The book's successive chapters explore the sources, areas, and levels of division in contemporary America, and show how they have created important disagreements about the major challenges we presently face and the credible solutions they require. McCarthy articulates what a liberal education actually is and why it is vitally important for both our personal and civic lives. He also clarifies the critical contrast between effective freedom, the aim of a liberal education, and the concepts of freedom within economic and political liberalism.

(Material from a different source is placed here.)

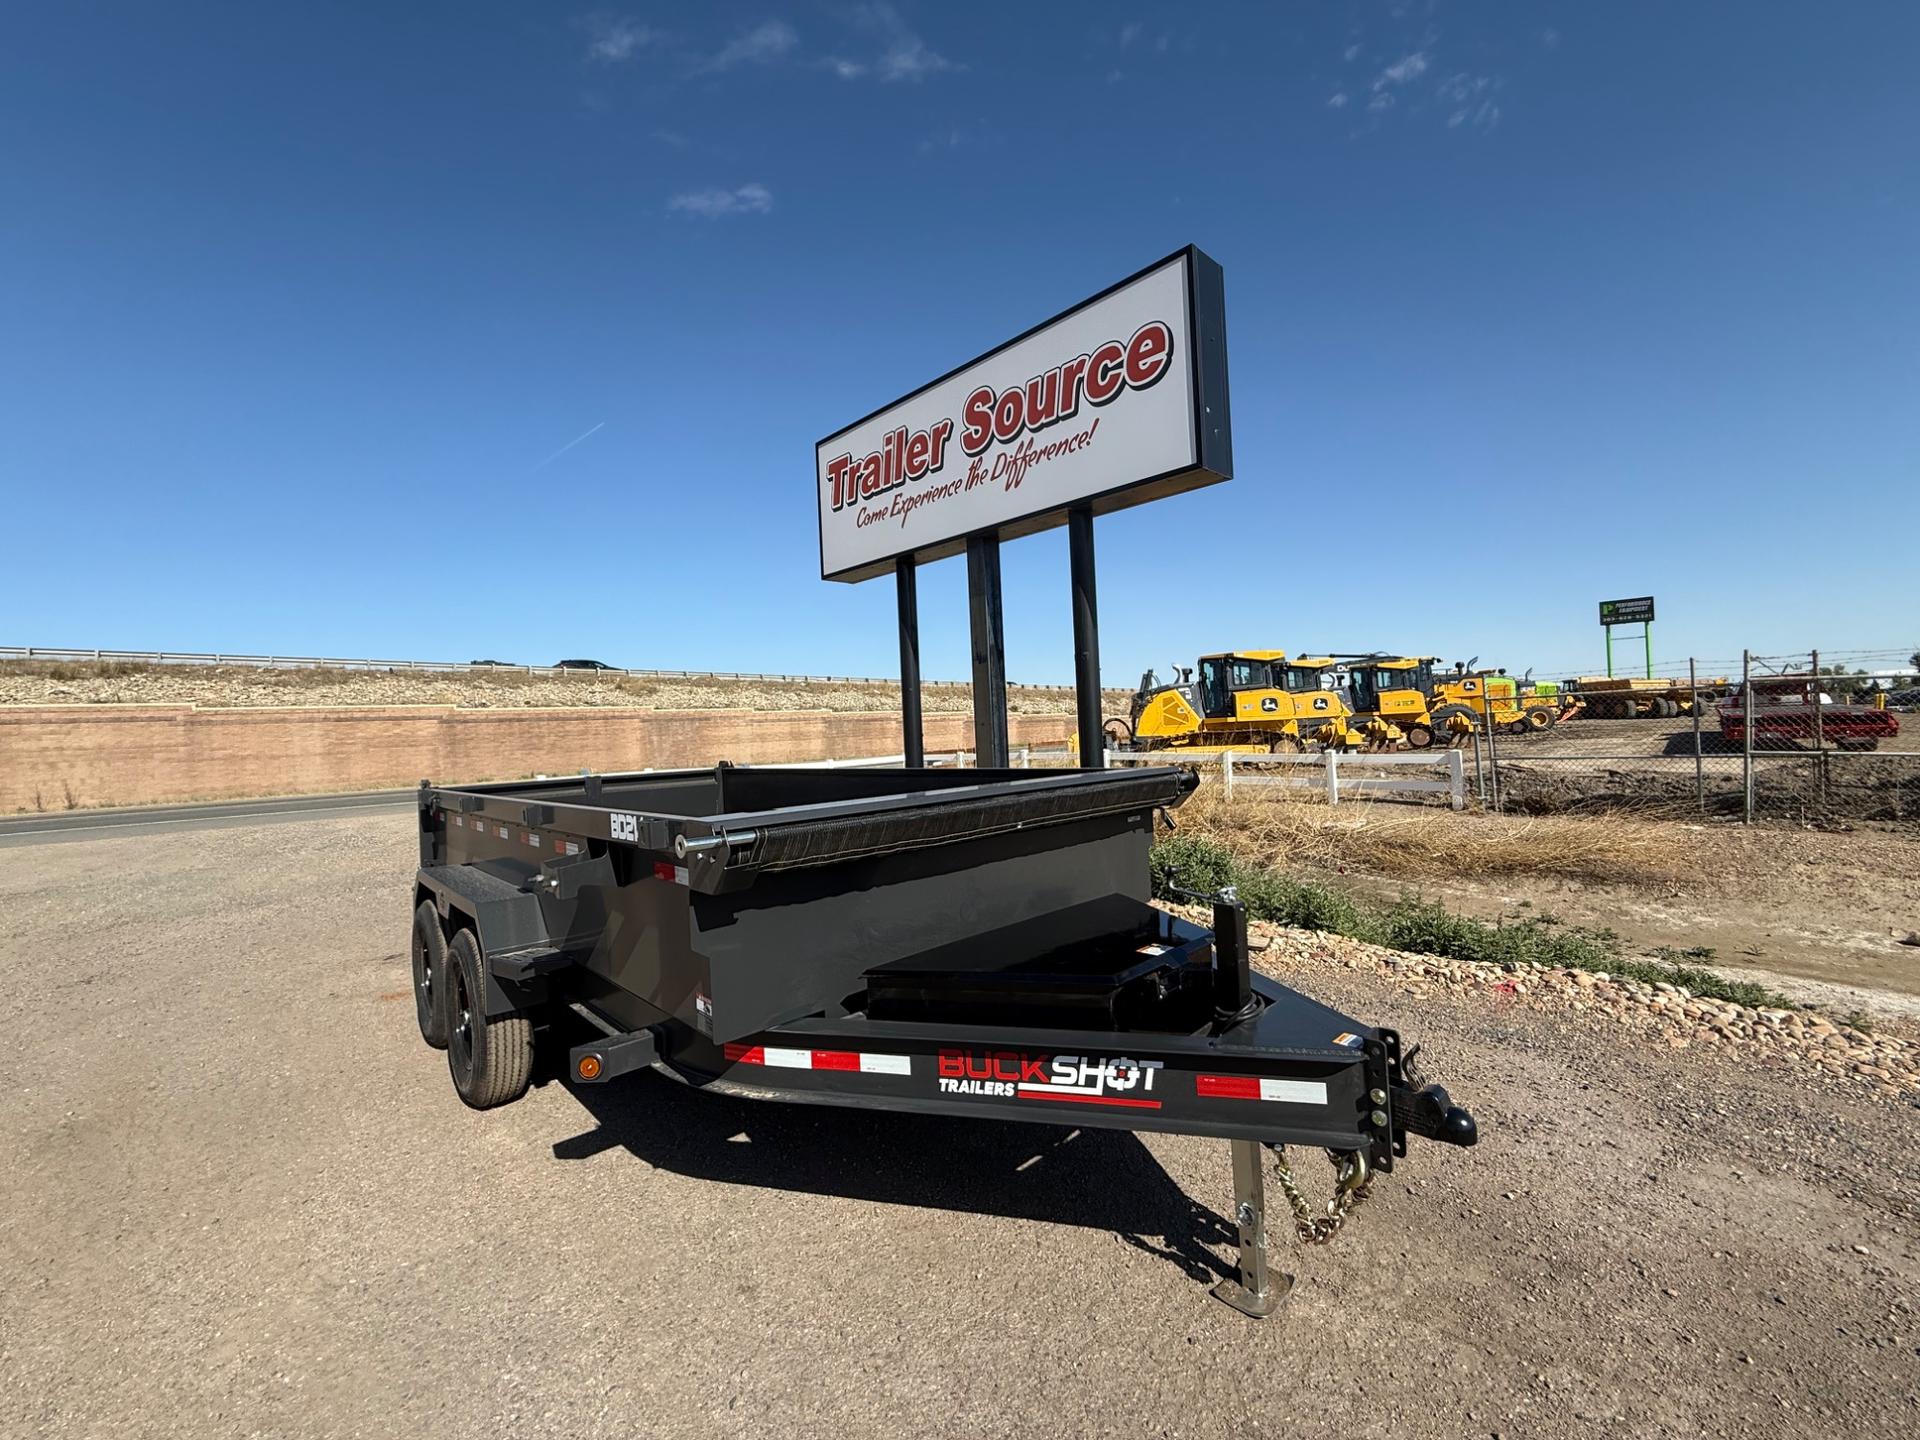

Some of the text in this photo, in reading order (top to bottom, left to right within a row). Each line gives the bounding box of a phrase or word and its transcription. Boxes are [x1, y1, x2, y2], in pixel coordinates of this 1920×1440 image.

McCarthy addresses the distinctive educational challenges presented by modernity and post-modernity: their moral aspirations, acute historical consciousness, and passion for radical criticism, as well as the traditional (Tocqueville) and contemporary (William Galston and Charles Taylor) discontents of American democracy. A central part of the book's unfolding argument is the enduring cultural contrast between the principles and aspirations of civic republicanism and the imperial assumptions of economics. This juxtaposition helps us to understand the power and limitations of the "stories we Americans live by" as well as the civic virtues we commonly need to create a free, just, and multi-racial America. These critical virtues, McCarthy argues, are the specific goal of a liberal and democratic education
Contents
Preface
Introduction: American Democracy and Civic Education: Where are we now?
Chapter 1: "A House Divided Against Itself Cannot Stand"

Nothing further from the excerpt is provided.